Use-By and Best Before Dates

Pre-packaged food sold from your premises must display either a use-by date or a best before date:

  • Use-by date: Food must not be sold after this date. Required for safety-sensitive products (e.g., ready-to-eat meals, dairy)
  • Best before date: Indicates quality; food may be sold after this date if it remains safe, though this must be clearly communicated

Selling food past its use-by date is a serious offence under the Food Standards Code.


Country of Origin Labelling

Country of origin labelling (CoOL) is regulated by the Country of Origin Food Labelling Information Standard 2016, administered by the ACCC. The full requirements apply primarily to unprocessed and processed food sold for retail.

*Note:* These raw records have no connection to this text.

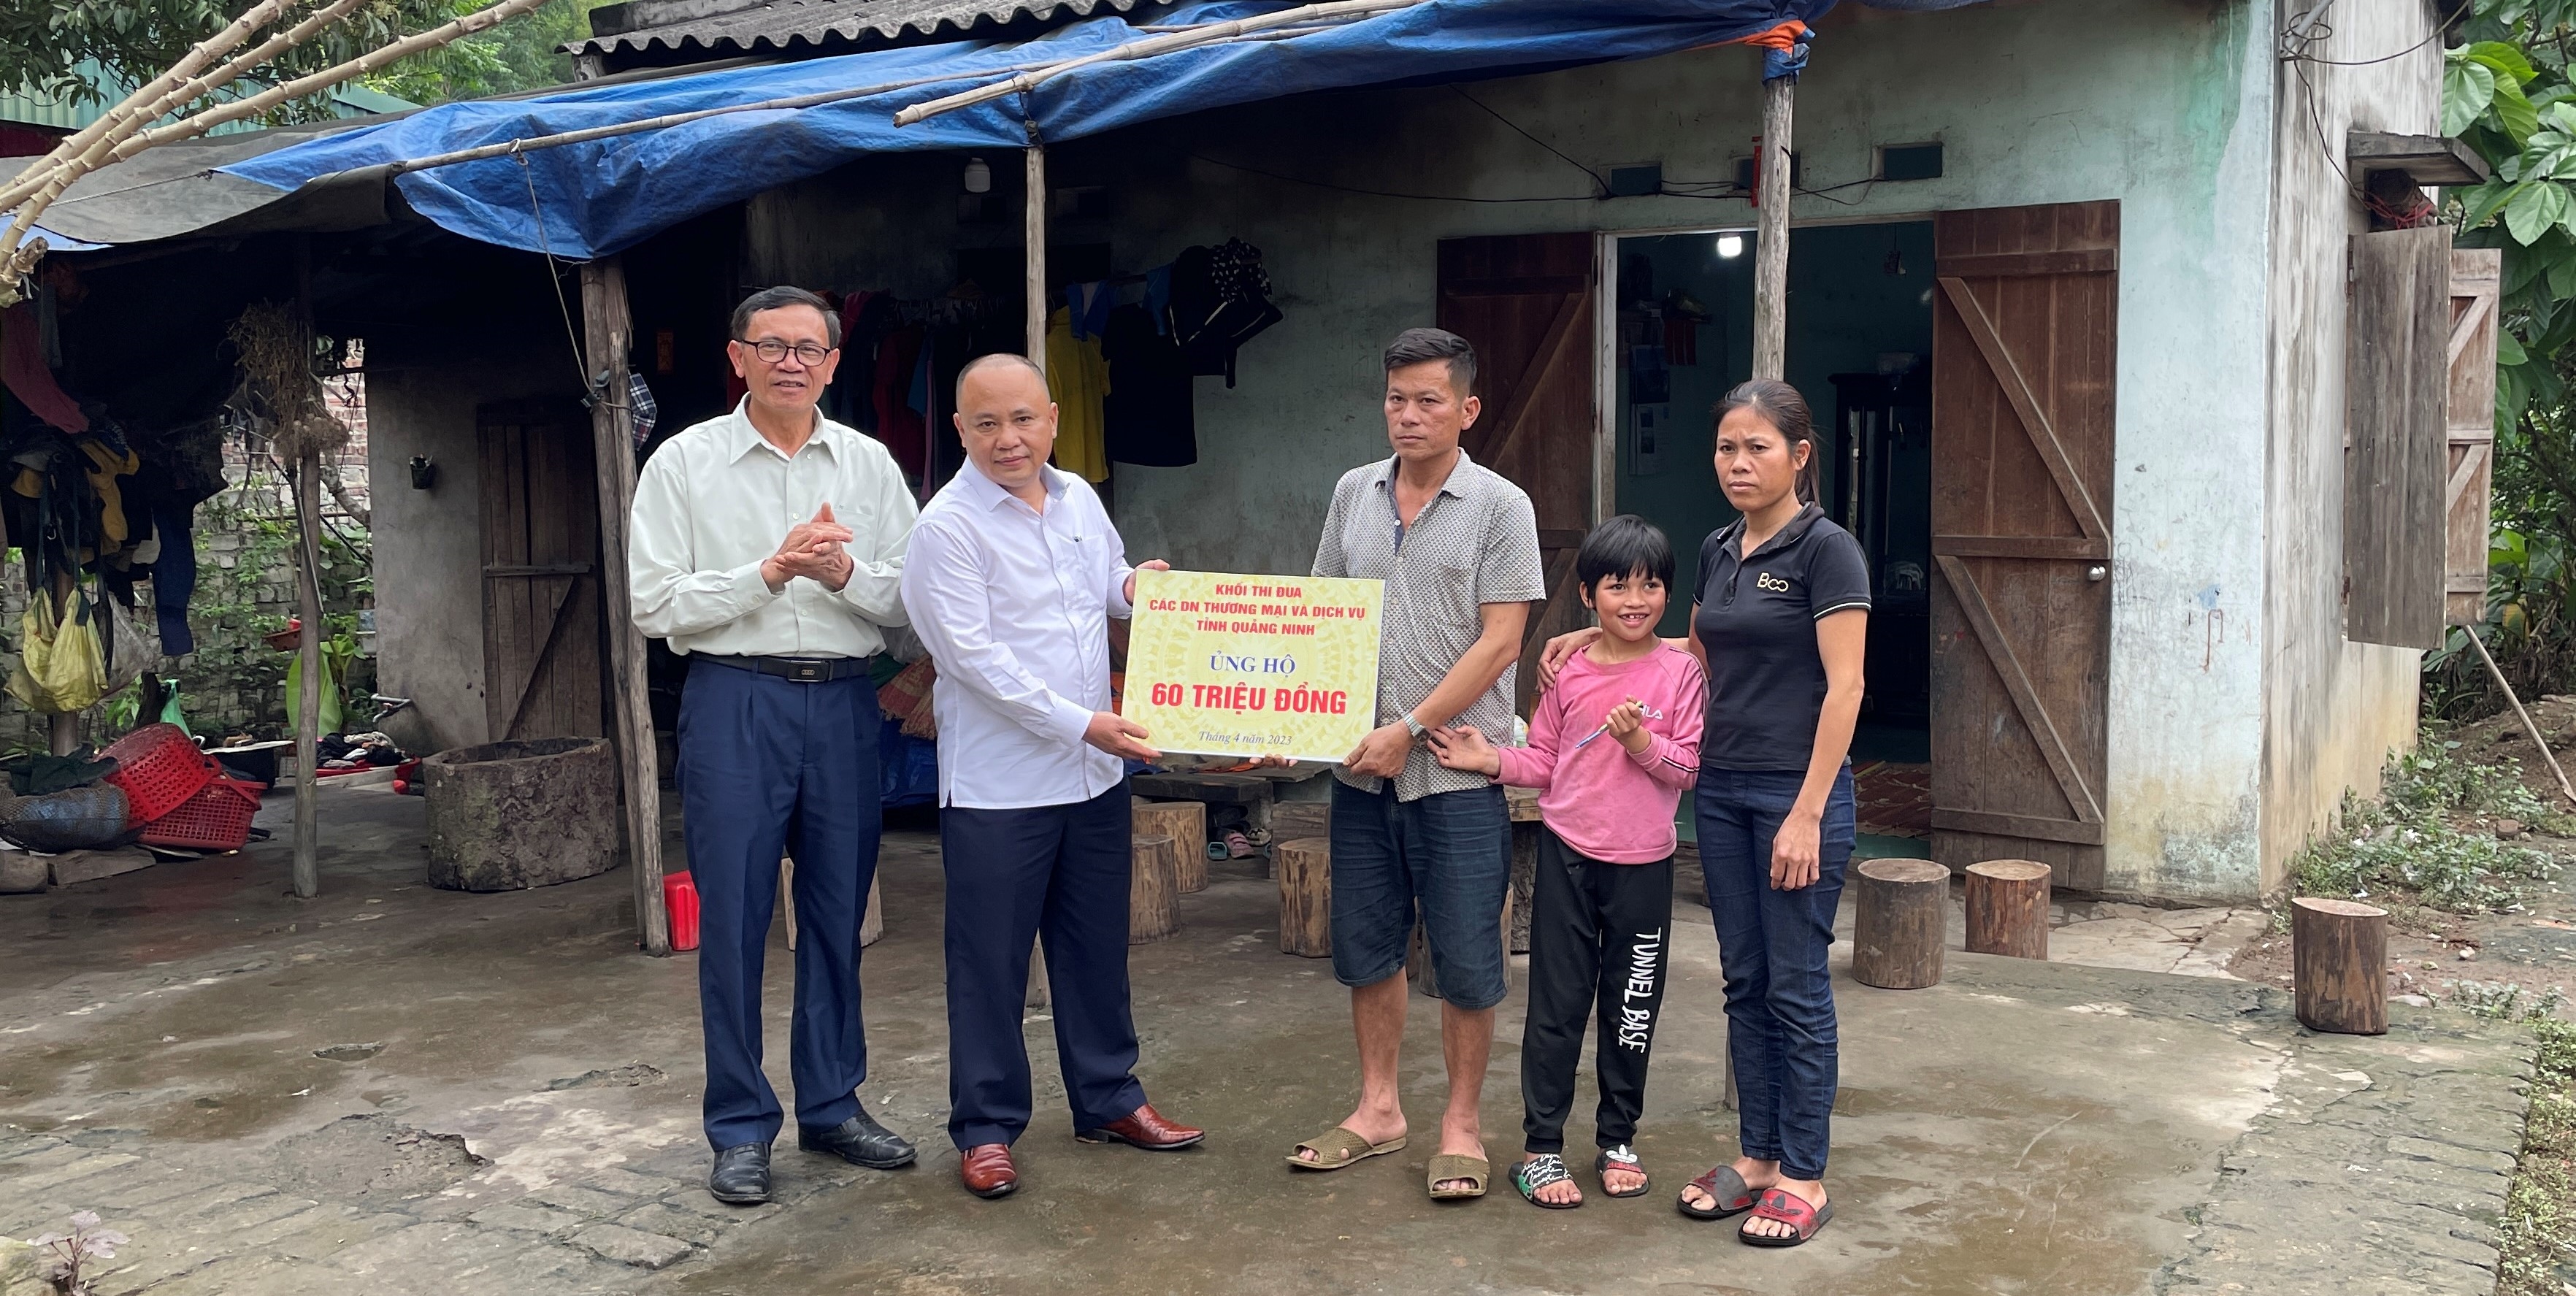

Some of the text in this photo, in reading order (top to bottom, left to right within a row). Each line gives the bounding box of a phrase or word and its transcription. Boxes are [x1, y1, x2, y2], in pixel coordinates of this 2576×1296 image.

[1215, 582, 1302, 599] KHỐI THI ĐUA
[1149, 598, 1366, 621] CÁC DN THƯƠNG MẠI VÀ DỊCH VỤ
[1197, 617, 1316, 637] TỈNH QUẢNG NINH
[1210, 650, 1296, 678] ỦNG HỘ
[1151, 680, 1347, 716] 60 TRIỆU ĐỒNG
[1638, 704, 1664, 721] ILA
[1198, 731, 1292, 746] Tháng 4 năm 2023
[1618, 926, 1661, 1054] TUNNEL BASE

What This Means for Restaurants

Country of origin labelling in its full form (the "bar chart" origin claim labels with Australian content percentage) is aimed at packaged food sold through retail channels — supermarkets, delis, and packaged takeaway. It does not apply to food sold for immediate consumption at a food service premise (a restaurant table or a café counter).

However:

  • Packaged goods sold for off-premises consumption from a food service business (e.g., branded condiments, bottled sauces, packaged baked goods sold as retail items) are subject to CoOL requirements
  • Voluntary origin claims on menus (e.g., "Australian beef", "Victorian dairy") trigger ACL obligations — the claim must be accurate

If you sell food products from a shopfront or online as retail items (not just as part of a sit-down meal), country of origin labelling requirements apply in full.

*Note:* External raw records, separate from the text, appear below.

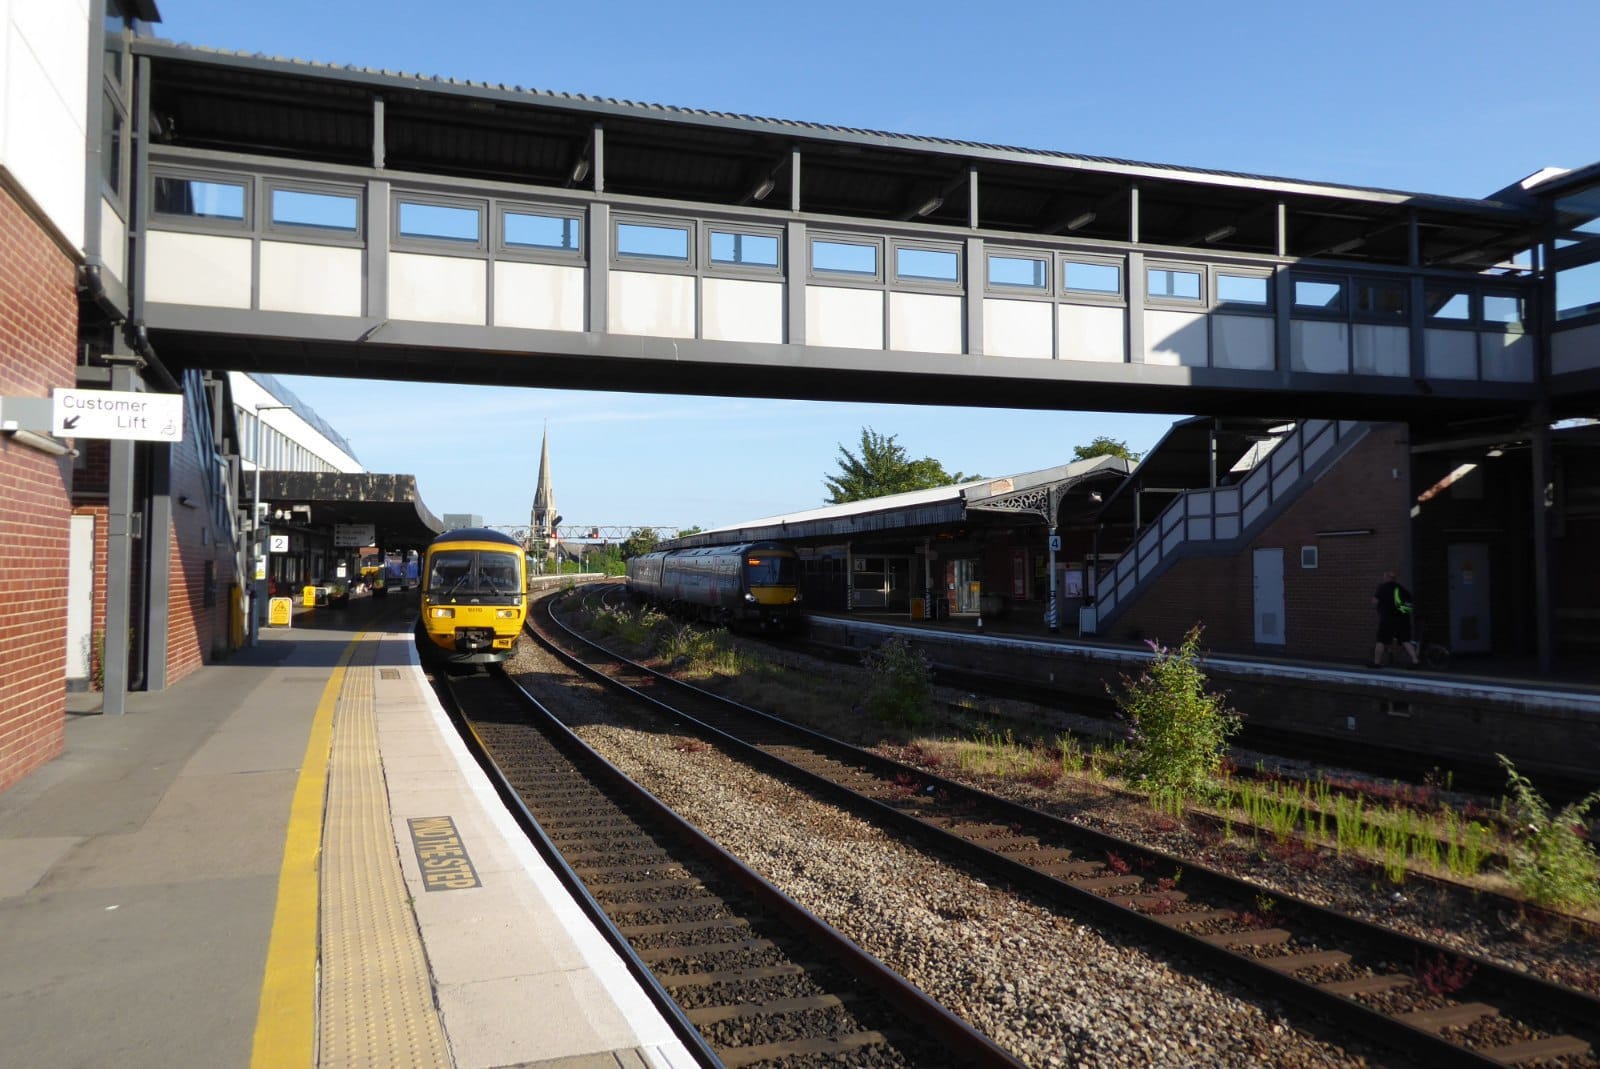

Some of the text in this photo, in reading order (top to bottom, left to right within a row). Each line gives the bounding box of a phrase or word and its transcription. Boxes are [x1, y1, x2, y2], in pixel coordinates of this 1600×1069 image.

[63, 395, 148, 412] Customer
[117, 415, 148, 429] Lift
[275, 538, 283, 549] 2
[1051, 538, 1059, 548] 4
[410, 817, 476, 888] MIND THE STEP

Food for Sale at Temporary Events and Markets

Restaurants operating food stalls at markets or events must still comply with allergen disclosure obligations for unpackaged food. Additionally:

  • If food is pre-packaged for sale, full labelling including ingredients, allergens, and use-by/best before dates applies
  • "Made fresh" claims must be accurate
  • If operating across state lines at events, ensure you understand the food safety requirements in each state

Penalties for Non-Compliance

Under the Food Standards Code

State food safety authorities conduct routine inspections of food businesses. Breaches of the Food Standards Code can result in:

  • Improvement notices — requiring specific rectification within a timeframe
  • Penalty infringement notices (on-the-spot fines) — commonly $660–$1,320 per offence for minor breaches in NSW; other states have similar schemes
  • Prosecution — for serious or repeated breaches; maximum penalties vary by state but can reach $100,000+ for serious offences
  • Closure orders — immediate closure of the premises for serious food safety breaches

Under the Australian Consumer Law

ACCC enforcement for misleading food labelling claims:

  • Infringement notices: $13,320 per contravention for corporations
  • Court-imposed civil penalties: up to $50 million per contravention for corporations; $2.5 million for individuals
  • Enforceable undertakings and injunctions

Allergen Compliance Checklist for Restaurants

  • Maintain an up-to-date allergen matrix for all menu items
  • Train all kitchen and front-of-house staff on allergen awareness and how to respond to customer queries
  • Document procedures for handling allergen requests, including cross-contamination risks
  • Update allergen records whenever recipes or suppliers change
  • If selling pre-packaged items (retail), ensure labels include full ingredient list and allergen declaration
  • Review FSANZ updates on mandatory allergen menu labelling reforms
  • Ensure all menu descriptions are accurate and not misleading under ACL
  • Check use-by and best before dates on all products before service

Food Labelling Compliance Without the Guesswork

Keeping up with food labelling law changes — from FSANZ reform consultations to state-level penalty increases — is a continuous obligation for food service businesses. And it sits alongside your other compliance obligations: Fair Work, BAS, food safety registration renewals, and liquor licensing.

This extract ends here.